Wyden’s remarks kicked off a day of discussion with journalists, law and policy experts, and technologists at the Cato Institute in Washington, D.C. over the impact of the NSA’s phone and Internet surveillance programs.

Republicans Michigan Rep. Justin Amash and Wisconsin Rep. Jim Sensenbrenner also delivered their own remarks in separate keynote addresses later in the day.

Wyden, calling the programs “constitutionally flawed” and “overly intrusive,” told audience members that the programs’ flaws “go beyond the intrusions on the individual privacy of our people.”

“American companies that are believed to have been the subject of government surveillance orders are taking a major hit internationally and here at home,” said Wyden.

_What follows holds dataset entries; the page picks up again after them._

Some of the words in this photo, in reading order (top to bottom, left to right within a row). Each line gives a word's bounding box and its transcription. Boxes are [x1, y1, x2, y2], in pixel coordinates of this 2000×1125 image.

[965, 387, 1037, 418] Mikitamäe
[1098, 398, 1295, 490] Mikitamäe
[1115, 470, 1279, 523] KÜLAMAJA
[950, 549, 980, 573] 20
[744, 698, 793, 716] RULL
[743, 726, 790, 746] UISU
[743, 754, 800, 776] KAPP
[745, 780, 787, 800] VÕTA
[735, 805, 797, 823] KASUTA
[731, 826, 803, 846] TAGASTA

In the weeks following former NSA contractor Edward Snowden’s disclosures about the programs, U.S. tech companies reported losing business as a consequence of the disclosures.

According to a recent report by the Information Technology & Innovation Foundation, the NSA’s Internet surveillance programs could cost the U.S. cloud computing industry up to $35 billion over the next three years due to the companies’ damaged reputations abroad.

“This is a serious economic issue at a time when we all know that our economy most certainly is fragile,” said Wyden.

“In the global marketplace, American digital companies, especially those that have to reach those markets thousands of miles away are going to lose ground, serious ground, to foreign competition, and it will put tends of thousands of high-paying American jobs at risk if this trend continues,” warned Wyden.

Washington Post journalist Barton Gellman told audience members that prior to publishing the story about PRISM, one of the NSA’s Internet surveillance programs, the U.S. government tried to convince Gellman not to publish the names of the companies participating in the program.

The companies would be reluctant to cooperate with the government in the future should their names be disclosed, the government said to Gellman.

A number of the implicated companies — including Google, Microsoft, Facebook, Yahoo, and LinkedIn — are fighting the executive branch in court to be able to disclose more information about the kinds of requests they receive.

Their lawsuits, and petitions, are part of an effort to restore consumer trust in their services.

“Let me tell you, if a foreign enemy was doing this much damage to our economy, people would be in the streets with pitchforks,” said Wyden.